» Description of the task: Would you transcribe the listing that follows word for word, skipping pictures?
——————
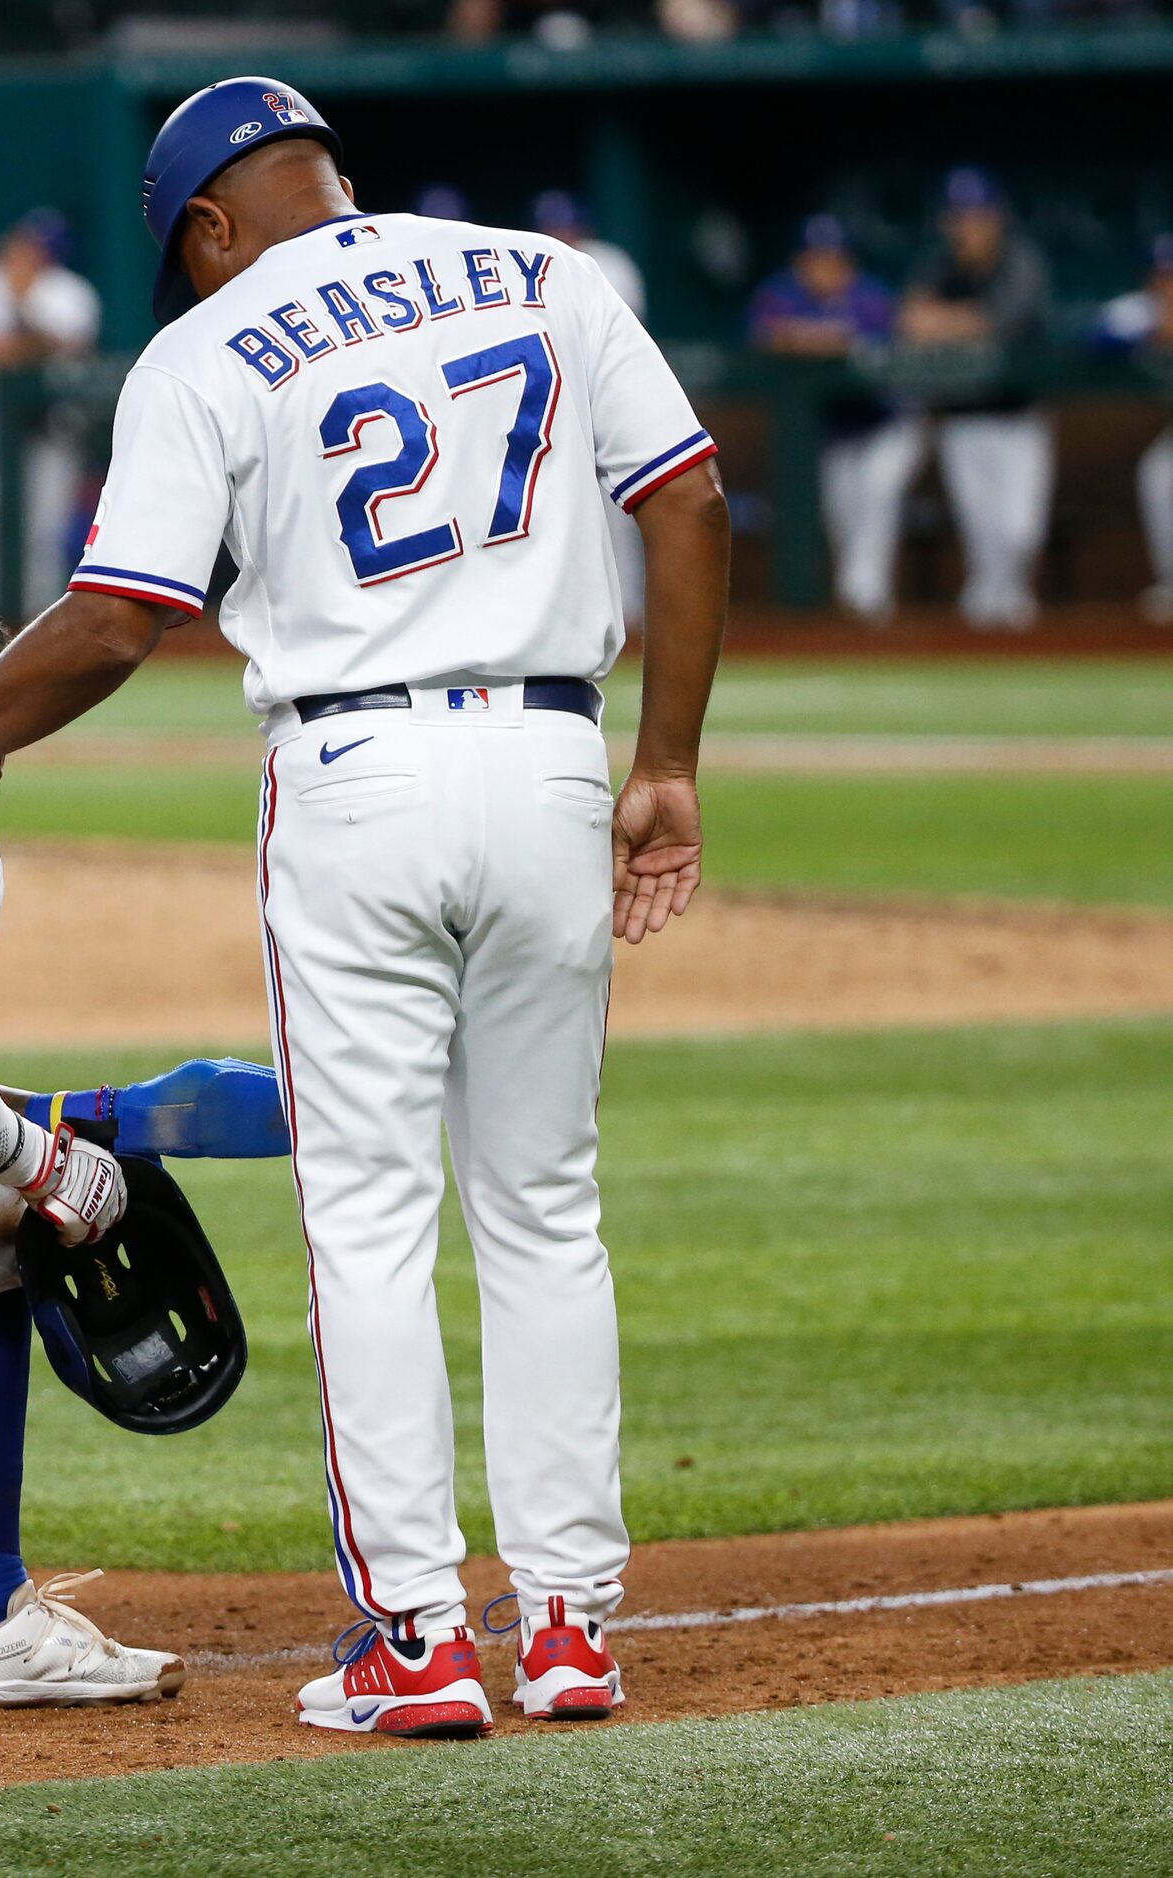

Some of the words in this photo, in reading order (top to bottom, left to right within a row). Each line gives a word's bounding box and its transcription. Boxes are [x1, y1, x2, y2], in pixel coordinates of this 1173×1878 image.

[262, 92, 294, 112] 27
[221, 247, 554, 392] BEASLEY
[317, 329, 562, 588] 27
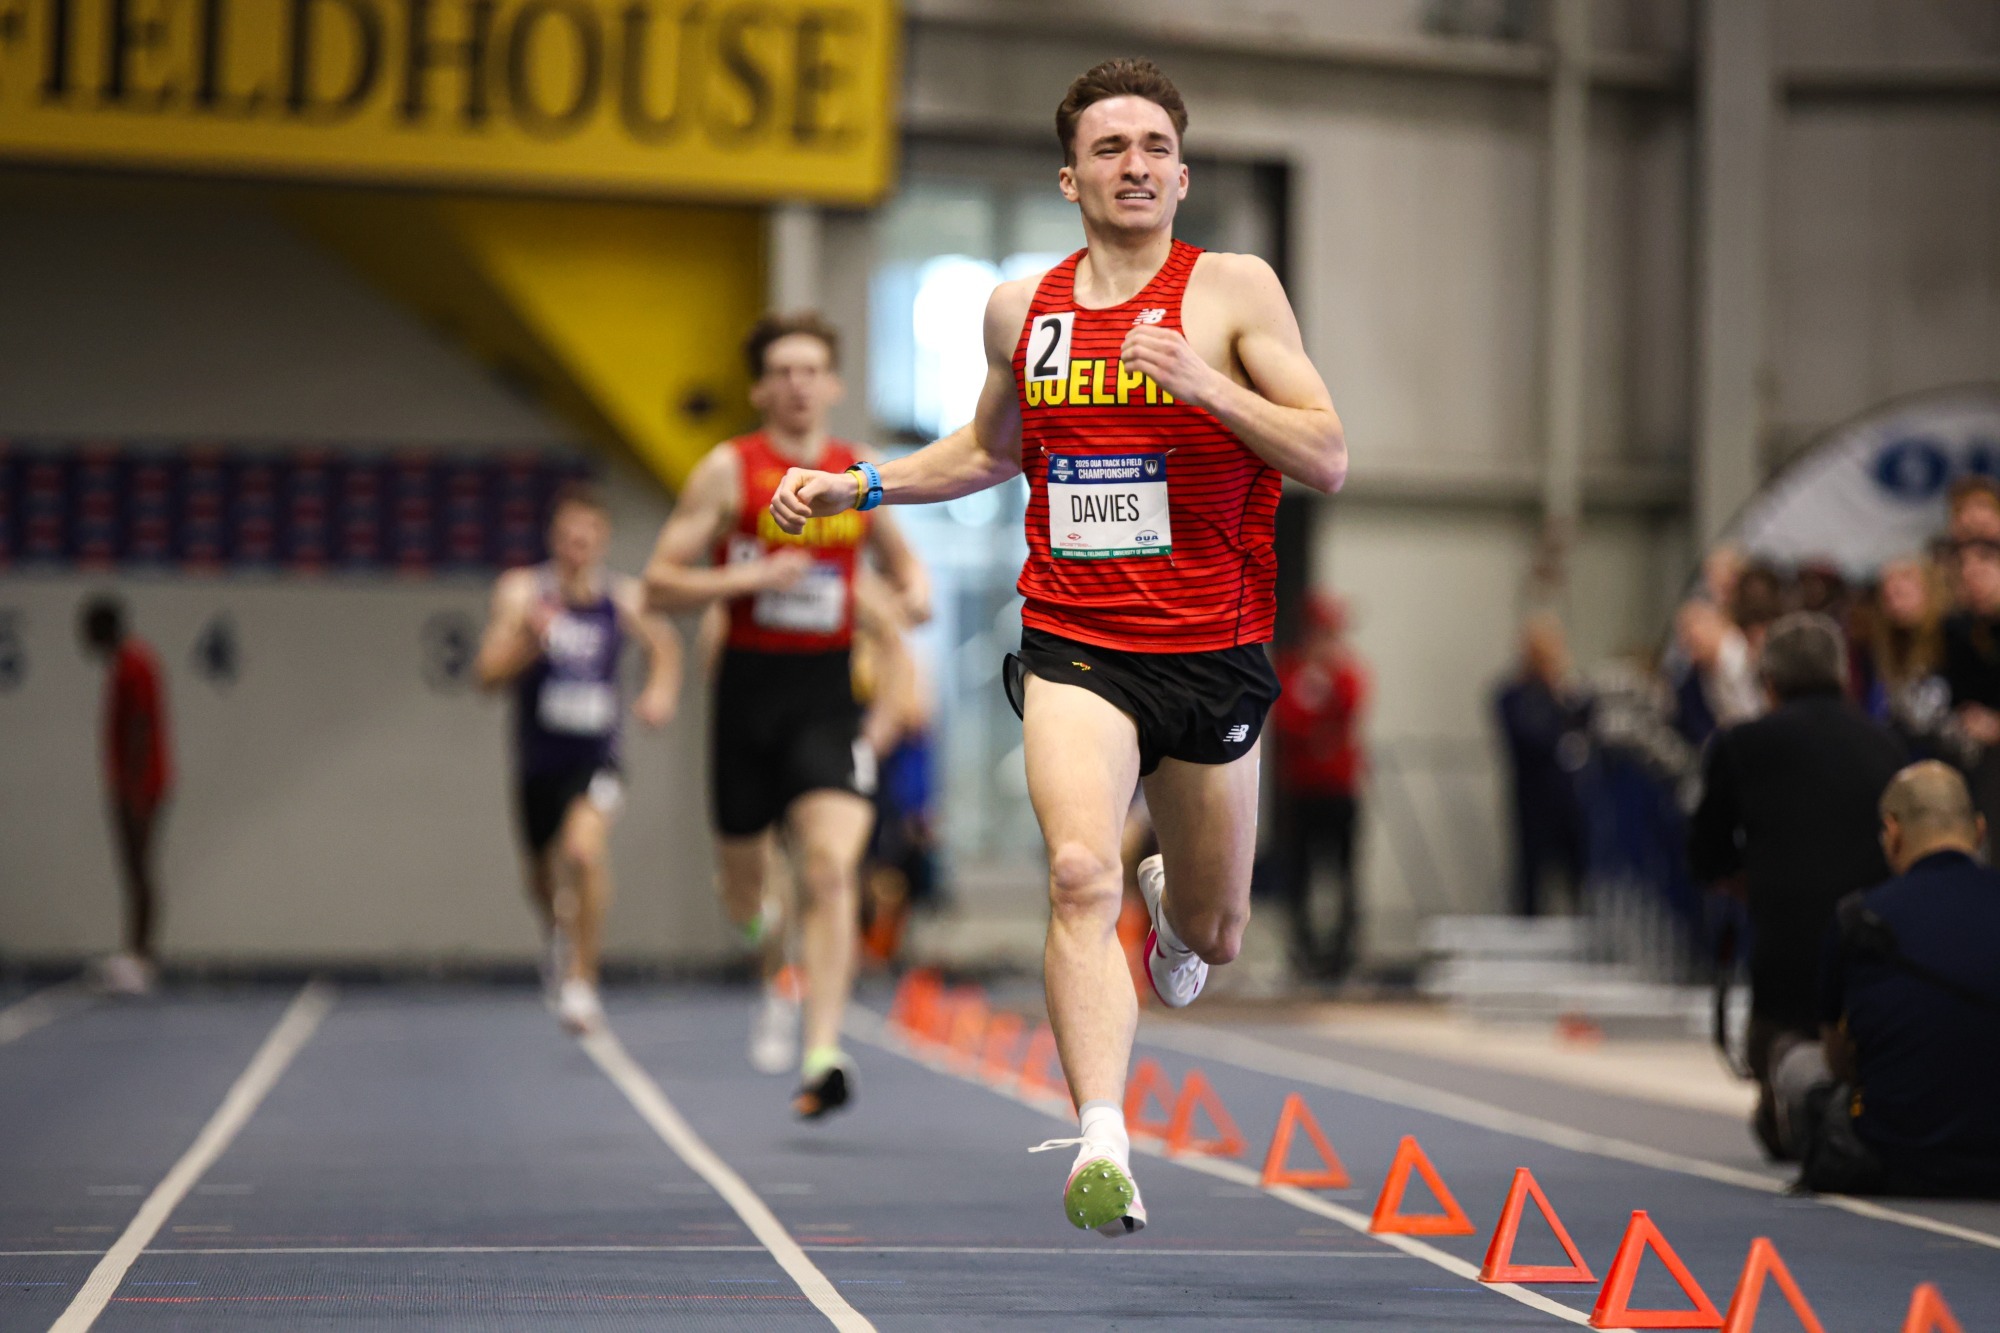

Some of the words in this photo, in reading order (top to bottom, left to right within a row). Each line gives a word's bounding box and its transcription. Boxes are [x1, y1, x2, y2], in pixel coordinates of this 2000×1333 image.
——————
» Exercise solution:
Some of the words in this photo, in reading order (top to bottom, left to right within a row). Each line gives a word's bounding box and its transcription. Boxes are [x1, y1, x2, y2], in pixel coordinates of this 1173×1878 image.

[262, 92, 294, 112] 27
[221, 247, 554, 392] BEASLEY
[317, 329, 562, 588] 27

Some of the words in this photo, in reading order (top to bottom, left to right within a row). Each line gives a word's bounding box and its transcription. Boxes are [x1, y1, x2, y2], in pixel coordinates of this 2000×1333 image.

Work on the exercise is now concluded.